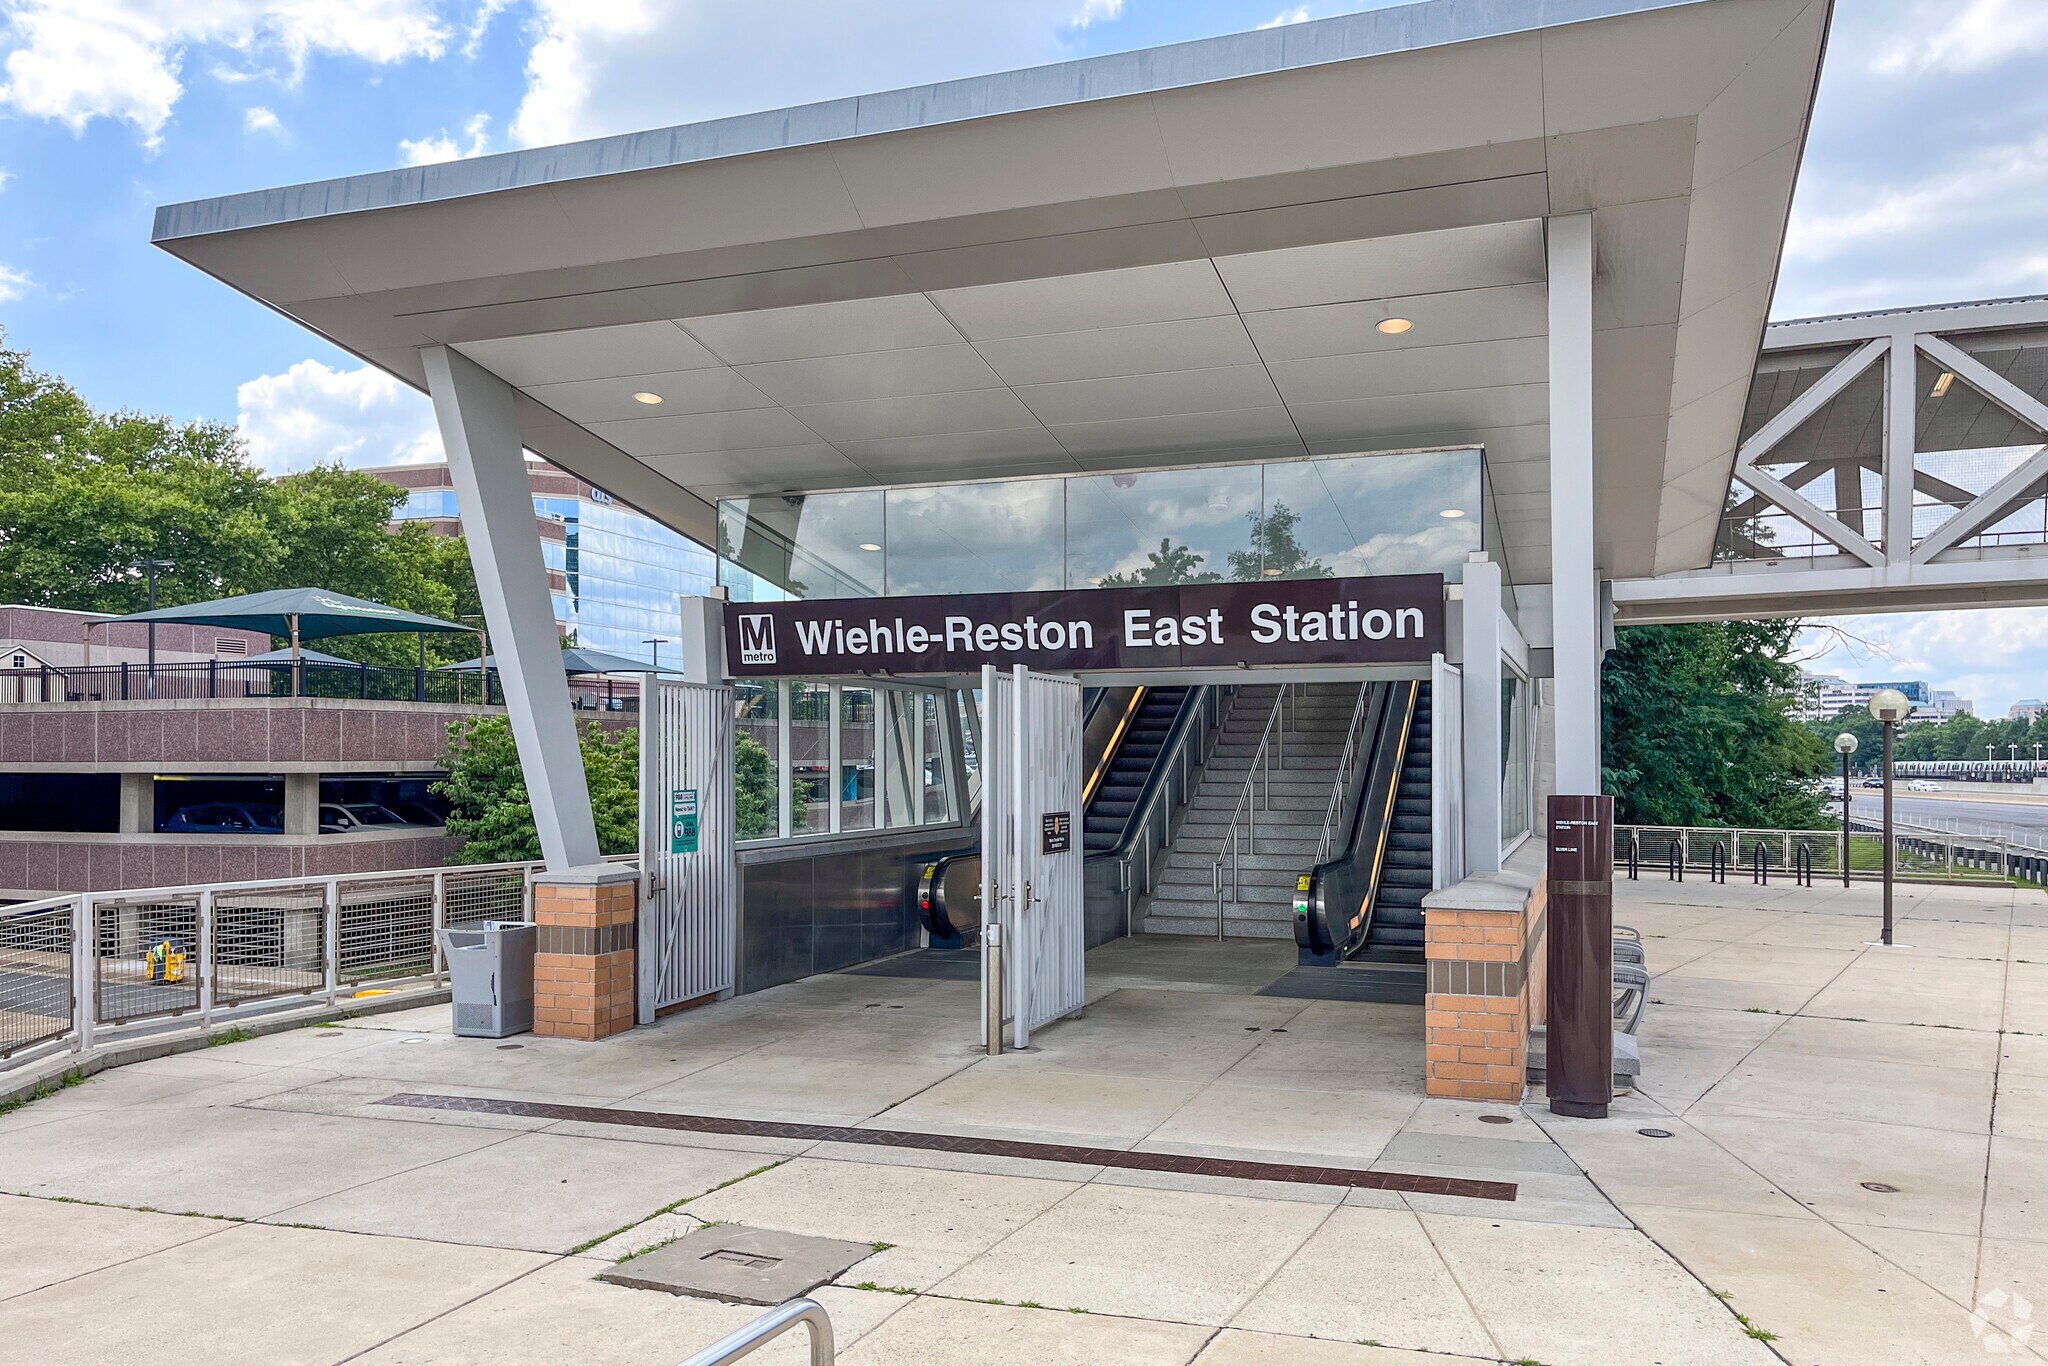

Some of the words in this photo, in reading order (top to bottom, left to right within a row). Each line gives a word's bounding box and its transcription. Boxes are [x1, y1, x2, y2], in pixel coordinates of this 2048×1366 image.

[741, 616, 773, 650] M
[794, 615, 1094, 656] Wiehle-Reston
[1124, 608, 1224, 648] East
[1250, 600, 1425, 644] Station
[744, 651, 774, 662] metro
[684, 827, 696, 838] 988
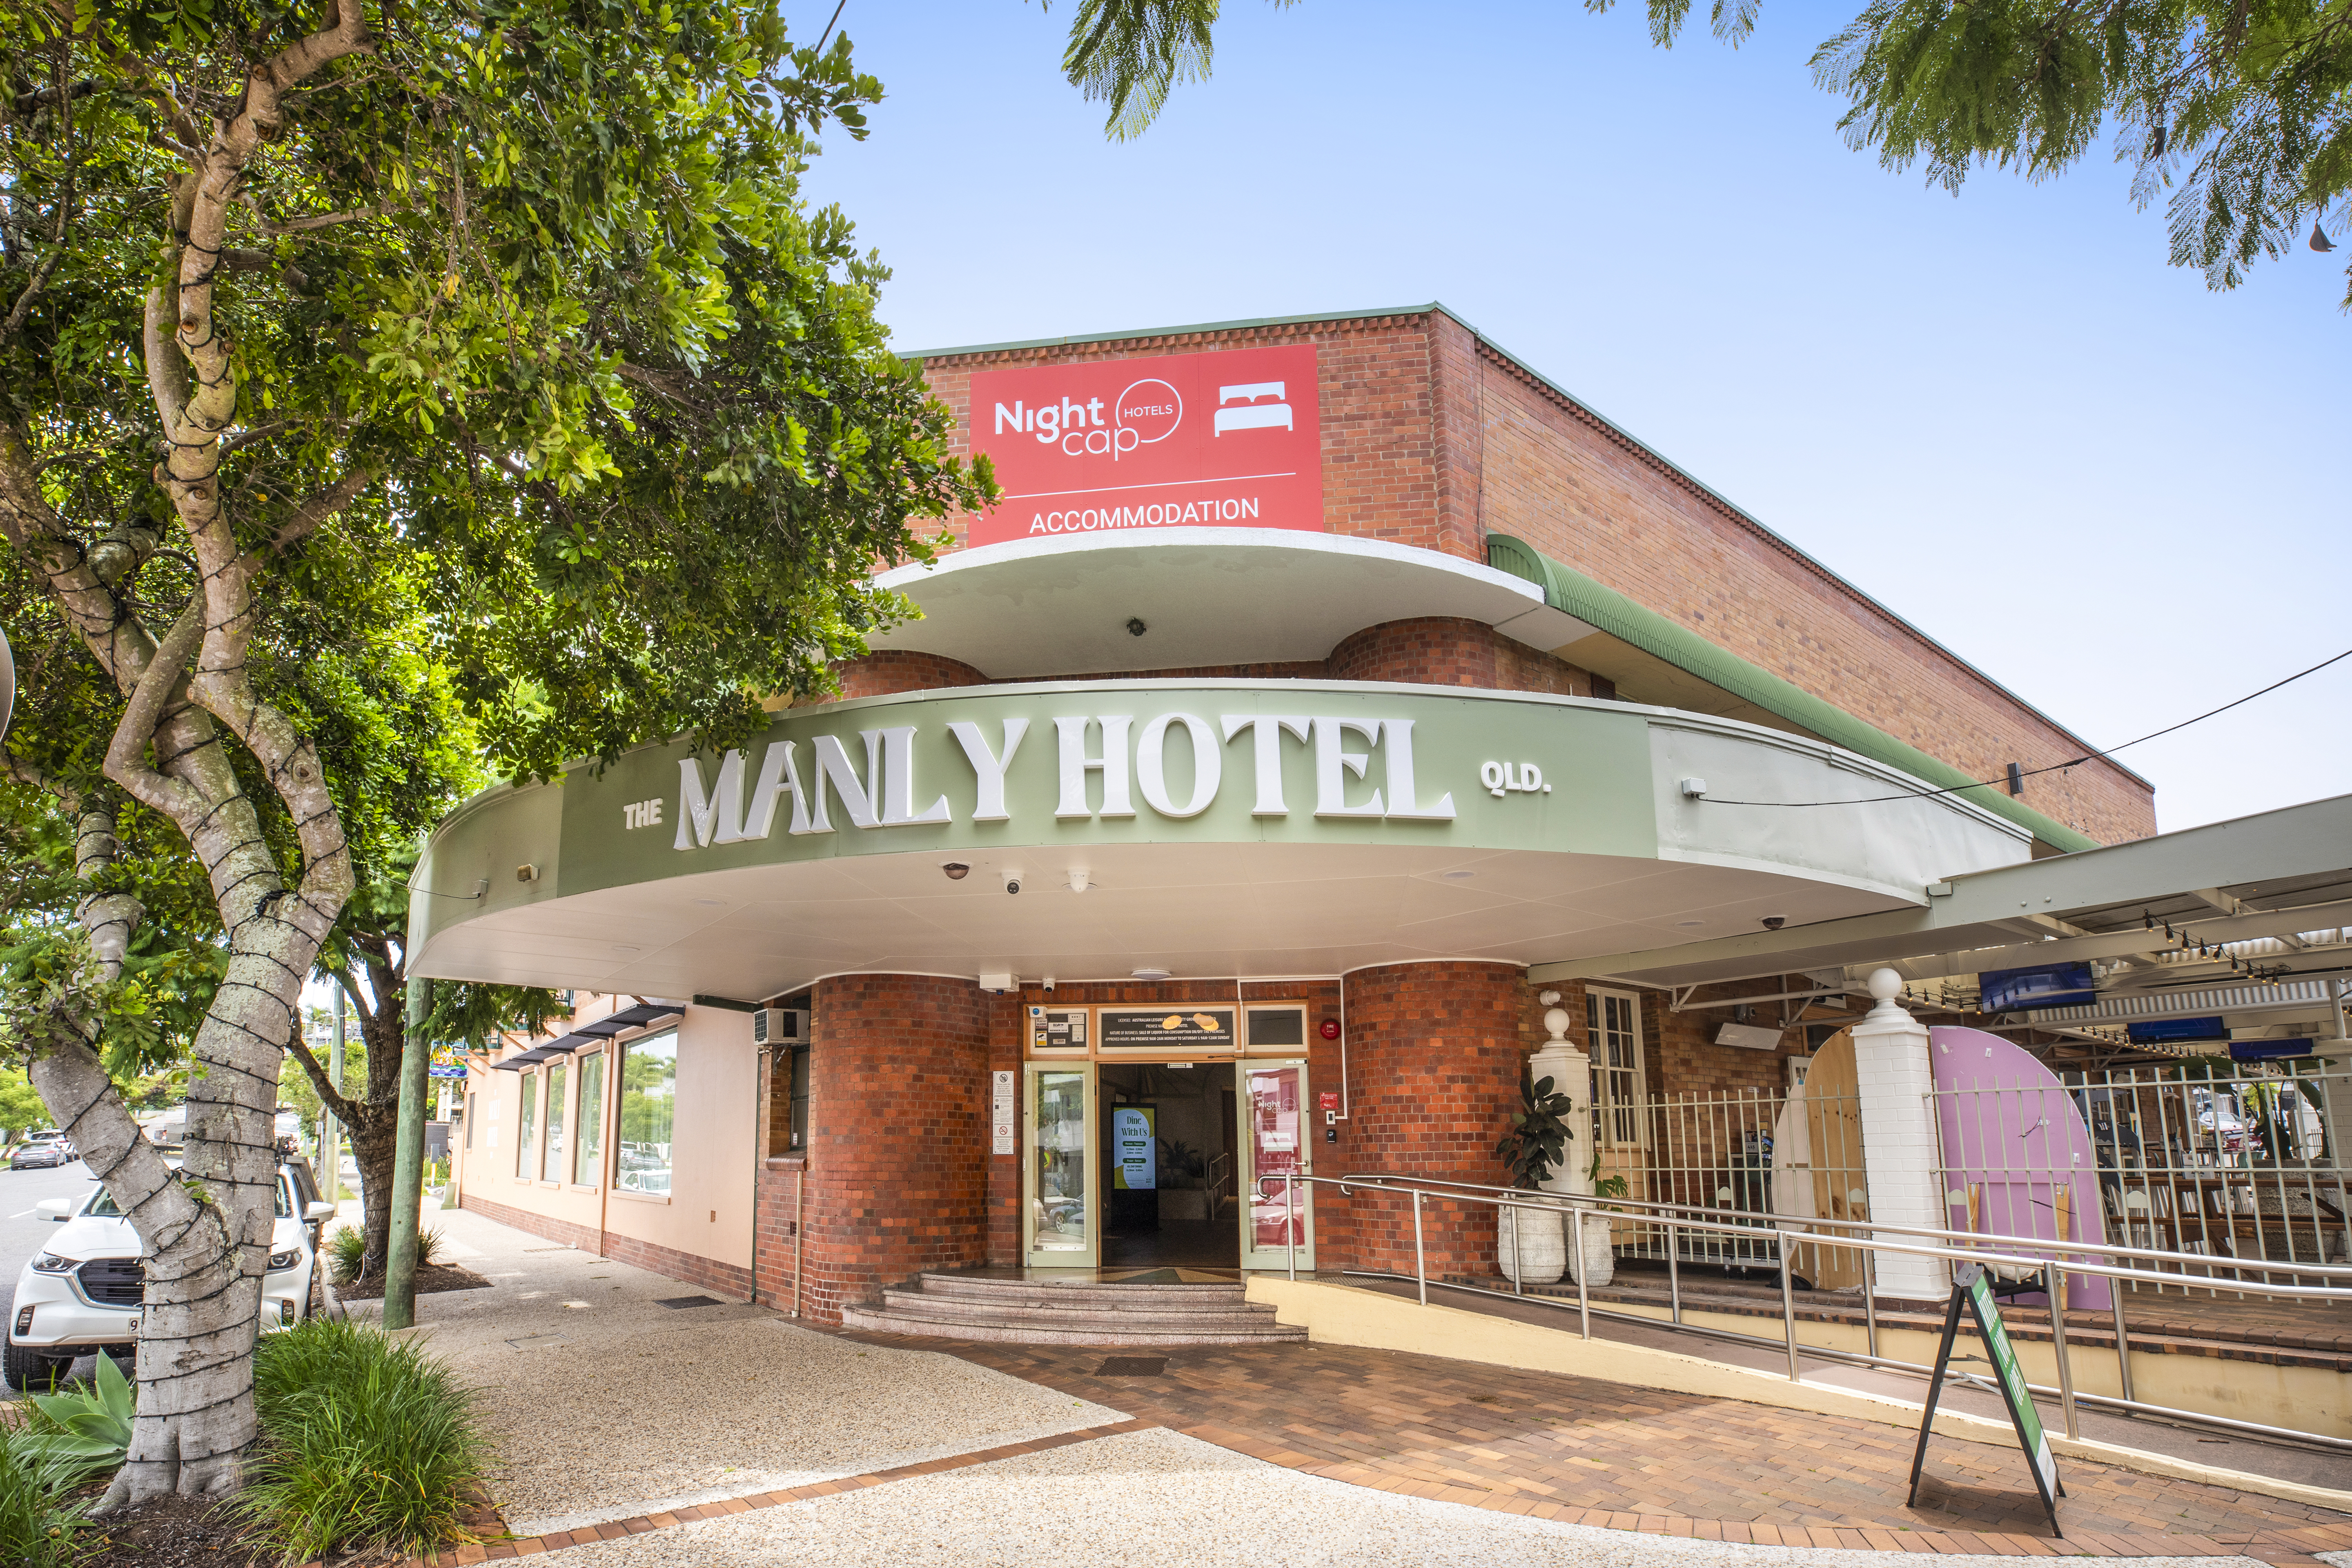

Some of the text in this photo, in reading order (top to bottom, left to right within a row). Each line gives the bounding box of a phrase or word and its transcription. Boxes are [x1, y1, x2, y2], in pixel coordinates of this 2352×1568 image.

[995, 396, 1173, 443] Night HOTELS
[1062, 427, 1139, 461] cap
[1029, 497, 1259, 534] ACCOMMODATION
[623, 711, 1552, 851] THE MANLY HOTEL QLD.
[1258, 1100, 1281, 1110] Night
[1272, 1107, 1287, 1115] cap
[1121, 1127, 1147, 1136] With Us
[1127, 1116, 1141, 1125] Dine

■ **What the task asks**: Write the material above out again exactly. Omit every image.

■ **Exercise response**:
Some of the words in this photo, in reading order (top to bottom, left to right within a row). Each line gives a word's bounding box and its transcription. Boxes are [x1, y1, x2, y2], in pixel coordinates of this 2048×1366 image.

[741, 616, 773, 650] M
[794, 615, 1094, 656] Wiehle-Reston
[1124, 608, 1224, 648] East
[1250, 600, 1425, 644] Station
[744, 651, 774, 662] metro
[684, 827, 696, 838] 988

Some of the text in this photo, in reading order (top to bottom, left to right within a row). Each line gives the bounding box of a phrase or word and its transcription. Boxes are [x1, y1, x2, y2], in pixel coordinates of this 2352×1568 image.

[995, 396, 1173, 443] Night HOTELS
[1062, 427, 1139, 461] cap
[1029, 497, 1259, 534] ACCOMMODATION
[623, 711, 1552, 851] THE MANLY HOTEL QLD.
[1258, 1100, 1281, 1110] Night
[1272, 1107, 1287, 1115] cap
[1121, 1127, 1147, 1136] With Us
[1127, 1116, 1141, 1125] Dine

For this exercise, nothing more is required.